• **EXERCISE DIRECTIONS**
Write out the records that follow exactly. Do not include pictures.

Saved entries
***

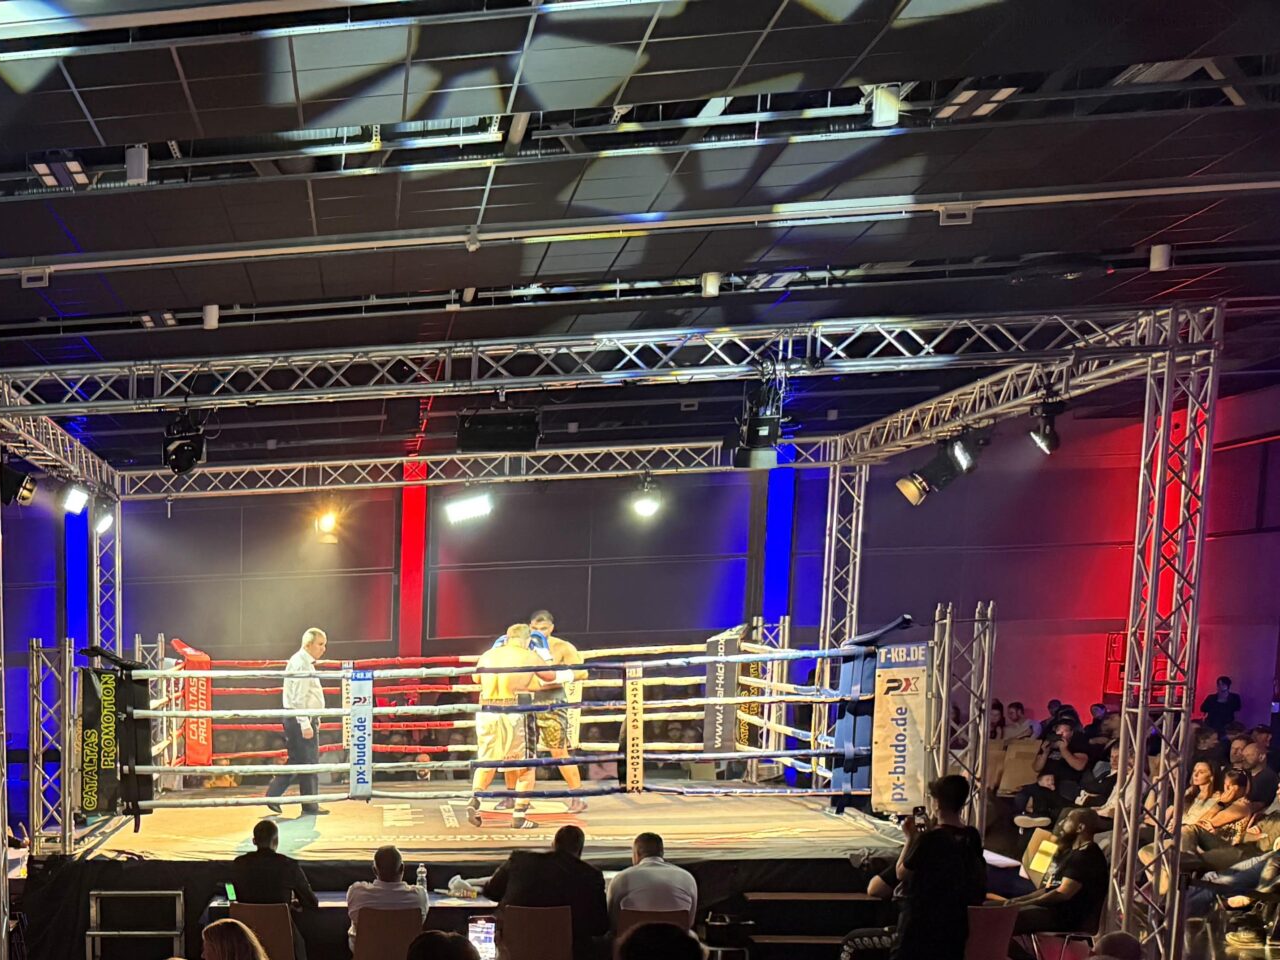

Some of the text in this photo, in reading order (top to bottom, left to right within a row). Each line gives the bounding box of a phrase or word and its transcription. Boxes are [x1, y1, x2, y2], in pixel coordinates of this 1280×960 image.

[879, 646, 926, 663] T-KB.DE
[100, 673, 116, 769] PROMOTION
[189, 678, 198, 740] CATLTAS
[198, 678, 208, 745] PROOTIO
[630, 681, 639, 730] CATALTAS
[83, 729, 99, 811] CATALTAS
[353, 716, 369, 785] px-budo.de
[888, 706, 908, 803] px-budo.de
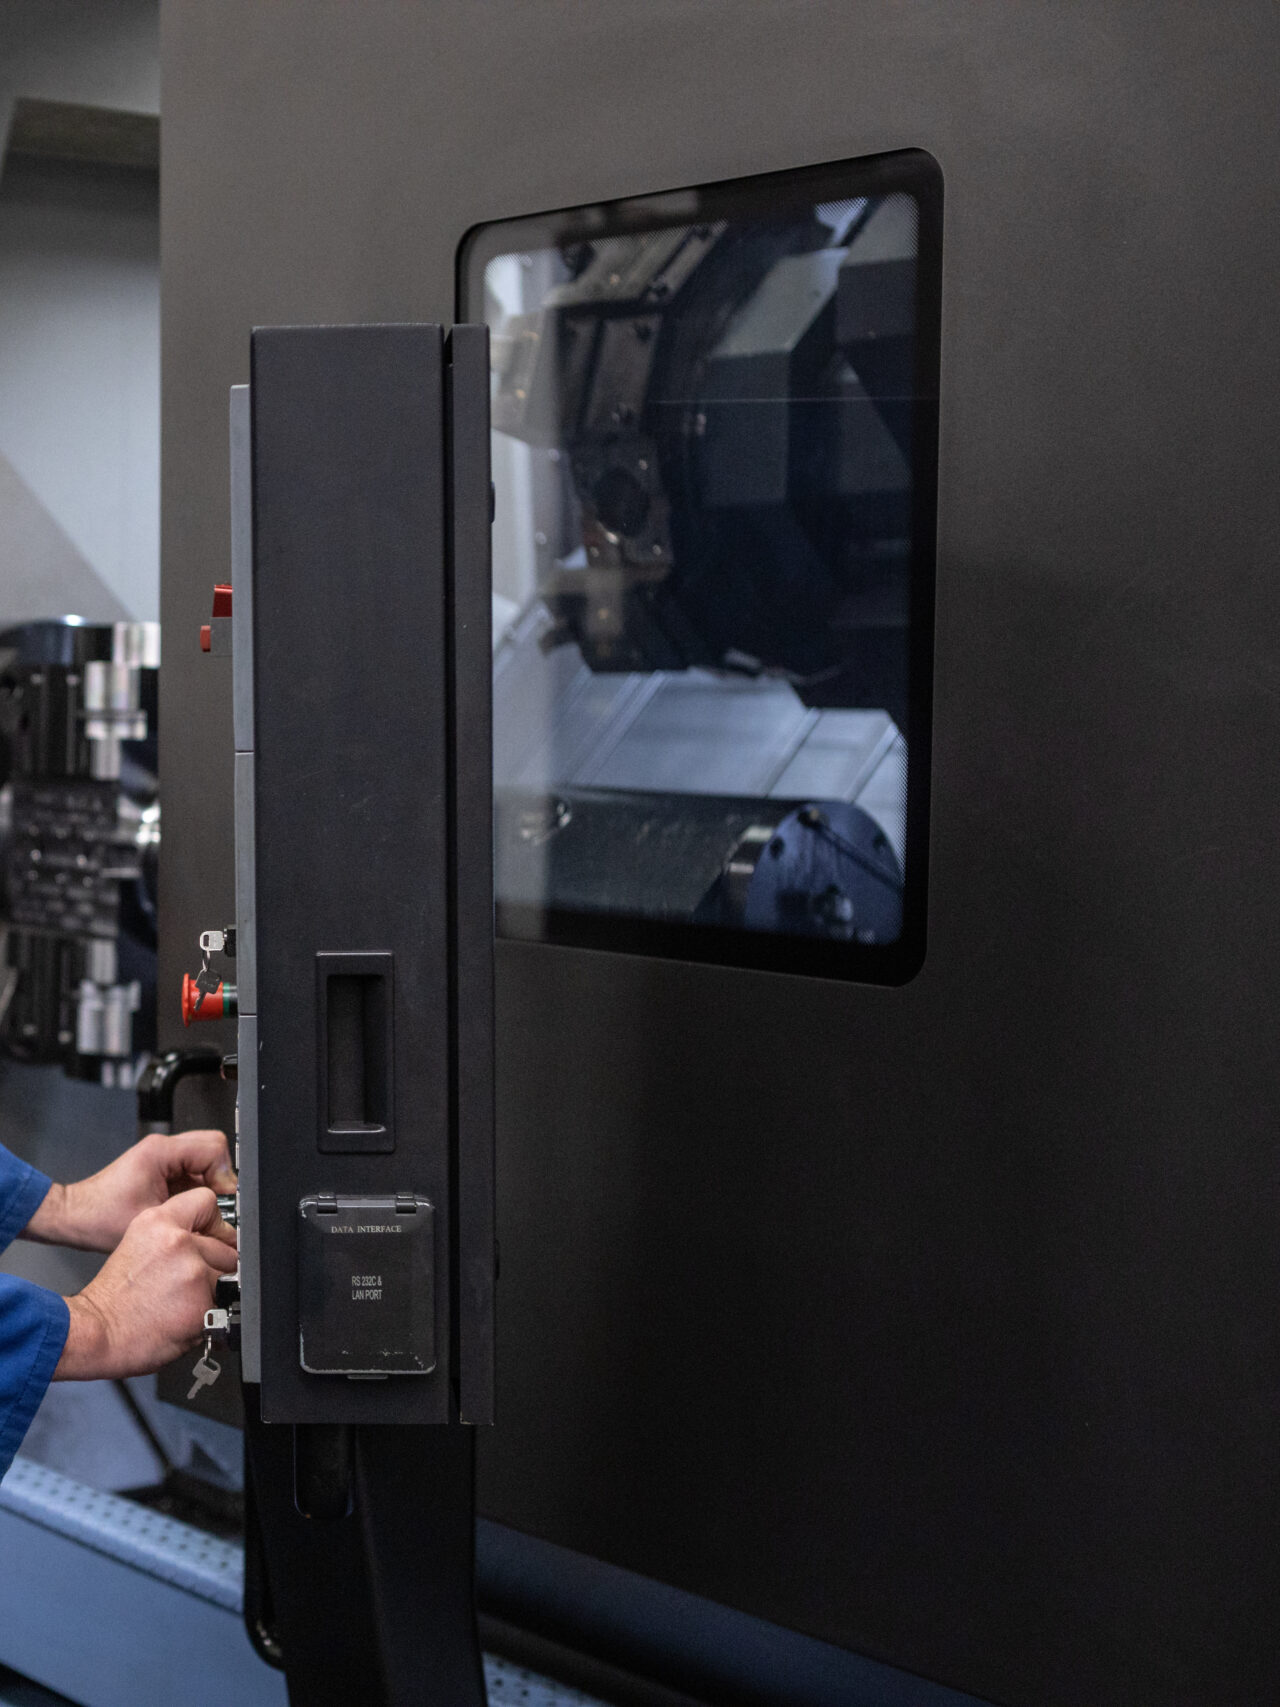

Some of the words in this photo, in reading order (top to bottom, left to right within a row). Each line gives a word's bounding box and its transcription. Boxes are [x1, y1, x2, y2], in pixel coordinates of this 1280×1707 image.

[331, 1225, 354, 1234] DATA
[357, 1224, 402, 1233] INTERFACE
[351, 1275, 361, 1287] RS
[361, 1275, 376, 1287] 232C
[351, 1289, 364, 1300] LAN
[365, 1289, 383, 1300] PORT
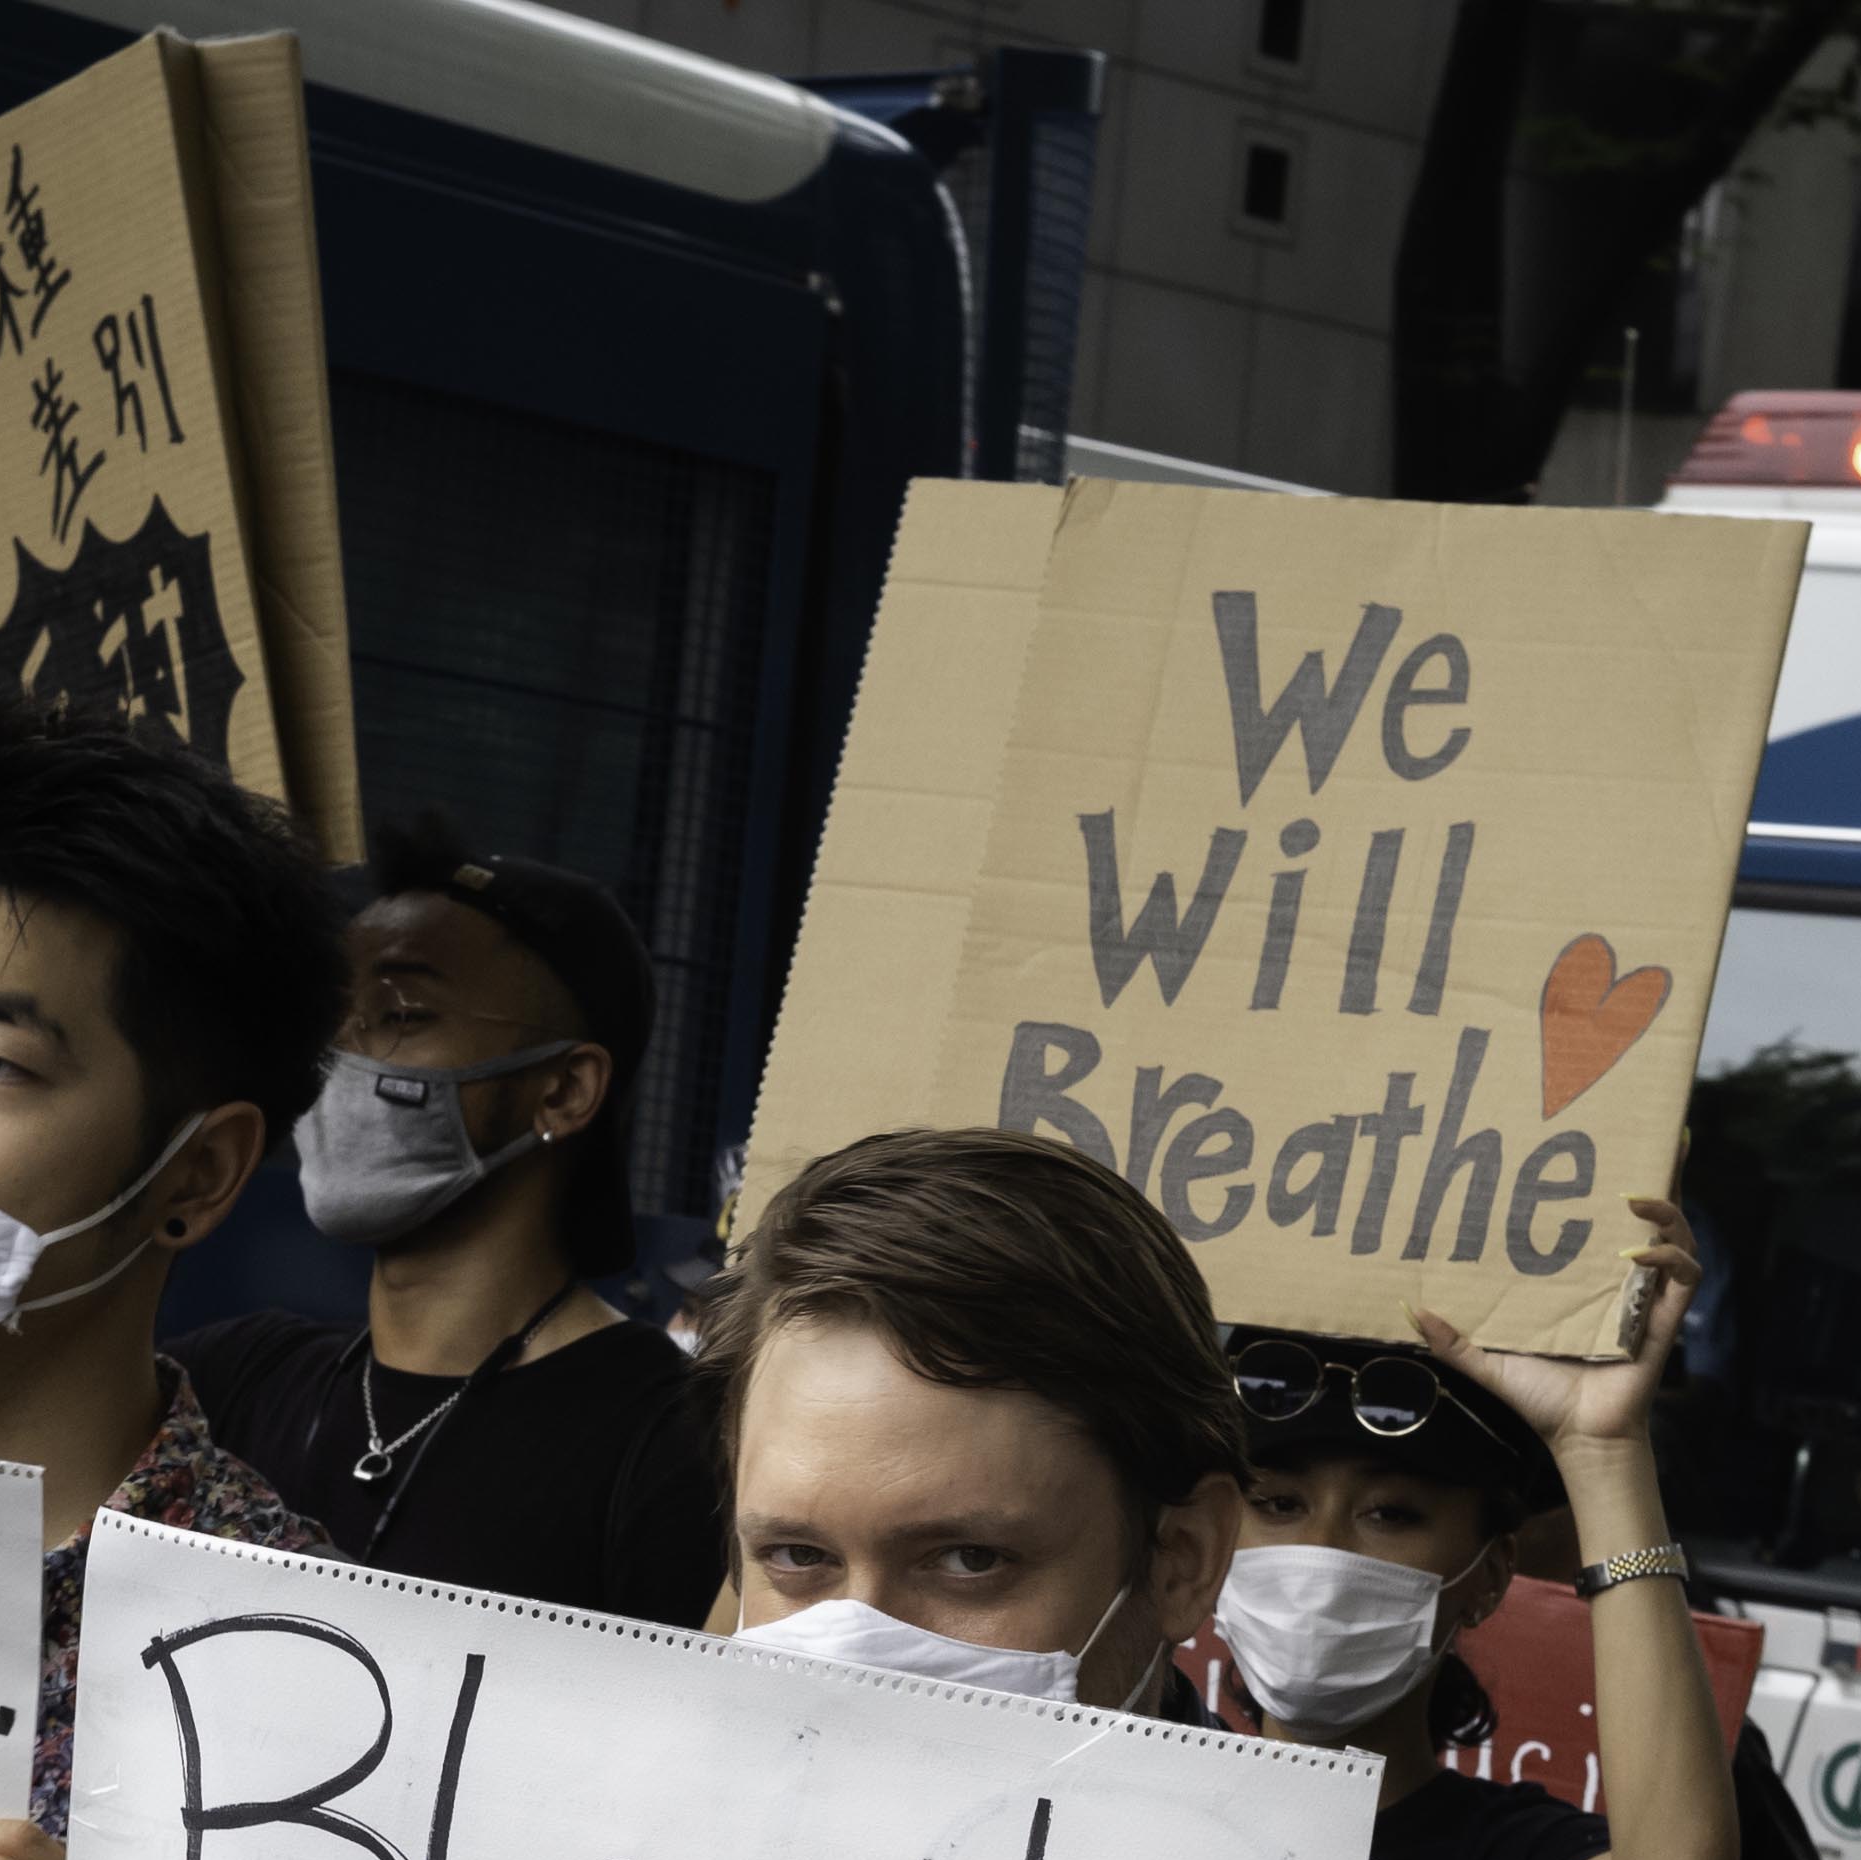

***

• **RESPONSE TO THIS TASK**
Some of the text in this photo, in reading order (top to bottom, left to right within a row). Each line gives the bounding box of a phrase or word and its transcription. Boxes are [x1, y1, x2, y2], in pixel coordinates of this 1280×960 image.

[879, 646, 926, 663] T-KB.DE
[100, 673, 116, 769] PROMOTION
[189, 678, 198, 740] CATLTAS
[198, 678, 208, 745] PROOTIO
[630, 681, 639, 730] CATALTAS
[83, 729, 99, 811] CATALTAS
[353, 716, 369, 785] px-budo.de
[888, 706, 908, 803] px-budo.de

Some of the words in this photo, in reading order (top to bottom, left to right within a row). Each line gives a word's bounding box and its transcription. Boxes are [x1, y1, x2, y2], in pixel coordinates of this 1280×1707 image.

[331, 1225, 354, 1234] DATA
[357, 1224, 402, 1233] INTERFACE
[351, 1275, 361, 1287] RS
[361, 1275, 376, 1287] 232C
[351, 1289, 364, 1300] LAN
[365, 1289, 383, 1300] PORT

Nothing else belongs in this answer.